- Data provided
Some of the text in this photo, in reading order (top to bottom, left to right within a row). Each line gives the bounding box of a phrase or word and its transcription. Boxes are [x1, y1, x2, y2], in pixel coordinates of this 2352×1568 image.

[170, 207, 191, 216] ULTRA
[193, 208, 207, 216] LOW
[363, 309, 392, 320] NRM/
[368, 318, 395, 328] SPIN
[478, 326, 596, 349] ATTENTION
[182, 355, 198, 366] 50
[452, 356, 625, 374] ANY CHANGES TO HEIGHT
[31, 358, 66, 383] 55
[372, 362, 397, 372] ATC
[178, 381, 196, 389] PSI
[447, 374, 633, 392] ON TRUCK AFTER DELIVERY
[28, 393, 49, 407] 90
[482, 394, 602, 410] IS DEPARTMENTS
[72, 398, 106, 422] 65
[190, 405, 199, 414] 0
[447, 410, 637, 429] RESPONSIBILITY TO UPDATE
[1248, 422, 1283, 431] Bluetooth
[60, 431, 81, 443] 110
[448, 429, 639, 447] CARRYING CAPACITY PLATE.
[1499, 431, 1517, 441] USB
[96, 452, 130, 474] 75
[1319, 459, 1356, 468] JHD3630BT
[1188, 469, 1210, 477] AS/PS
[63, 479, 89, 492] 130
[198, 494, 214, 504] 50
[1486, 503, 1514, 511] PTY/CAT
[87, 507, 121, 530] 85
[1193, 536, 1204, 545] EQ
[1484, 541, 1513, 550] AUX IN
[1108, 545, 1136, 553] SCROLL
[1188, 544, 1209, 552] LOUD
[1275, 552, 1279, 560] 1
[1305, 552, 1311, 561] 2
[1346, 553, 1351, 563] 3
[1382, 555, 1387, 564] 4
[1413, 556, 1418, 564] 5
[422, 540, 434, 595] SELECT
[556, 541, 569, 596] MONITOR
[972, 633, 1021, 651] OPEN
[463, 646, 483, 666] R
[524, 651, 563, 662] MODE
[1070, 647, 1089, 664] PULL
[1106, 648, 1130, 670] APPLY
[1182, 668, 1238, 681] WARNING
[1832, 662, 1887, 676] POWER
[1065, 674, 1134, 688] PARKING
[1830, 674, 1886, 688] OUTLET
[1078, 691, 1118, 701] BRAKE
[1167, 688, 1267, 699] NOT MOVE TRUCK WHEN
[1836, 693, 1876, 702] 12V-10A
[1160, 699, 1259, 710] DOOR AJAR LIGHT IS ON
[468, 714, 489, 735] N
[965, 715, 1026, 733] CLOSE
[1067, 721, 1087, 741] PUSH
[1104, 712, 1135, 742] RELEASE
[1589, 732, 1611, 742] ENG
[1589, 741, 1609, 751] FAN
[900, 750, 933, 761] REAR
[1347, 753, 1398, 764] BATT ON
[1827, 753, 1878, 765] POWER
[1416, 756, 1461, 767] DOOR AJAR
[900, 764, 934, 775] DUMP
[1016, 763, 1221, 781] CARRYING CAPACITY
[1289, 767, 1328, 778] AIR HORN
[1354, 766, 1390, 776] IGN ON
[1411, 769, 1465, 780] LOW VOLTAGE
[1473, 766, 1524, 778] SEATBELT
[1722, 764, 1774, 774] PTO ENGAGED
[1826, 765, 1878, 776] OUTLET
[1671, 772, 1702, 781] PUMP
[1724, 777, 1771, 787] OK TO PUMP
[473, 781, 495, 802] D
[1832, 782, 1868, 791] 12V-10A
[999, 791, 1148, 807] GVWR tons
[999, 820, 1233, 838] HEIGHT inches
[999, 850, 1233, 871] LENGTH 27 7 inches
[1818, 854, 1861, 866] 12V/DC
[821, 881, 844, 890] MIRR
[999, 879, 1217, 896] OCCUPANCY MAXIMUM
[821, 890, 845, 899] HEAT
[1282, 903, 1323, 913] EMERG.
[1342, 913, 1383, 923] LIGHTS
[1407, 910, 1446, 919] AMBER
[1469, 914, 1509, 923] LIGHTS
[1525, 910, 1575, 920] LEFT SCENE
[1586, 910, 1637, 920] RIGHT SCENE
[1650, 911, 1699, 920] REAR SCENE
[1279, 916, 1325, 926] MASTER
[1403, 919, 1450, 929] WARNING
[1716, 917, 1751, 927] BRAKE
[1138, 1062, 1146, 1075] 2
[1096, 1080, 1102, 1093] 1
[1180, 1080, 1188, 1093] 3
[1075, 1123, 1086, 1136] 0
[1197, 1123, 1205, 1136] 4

- Problem description
If a line of the listing above contains "OUTLET", pick it out and copy it.

- Result below
[1830, 674, 1886, 688] OUTLET
[1826, 765, 1878, 776] OUTLET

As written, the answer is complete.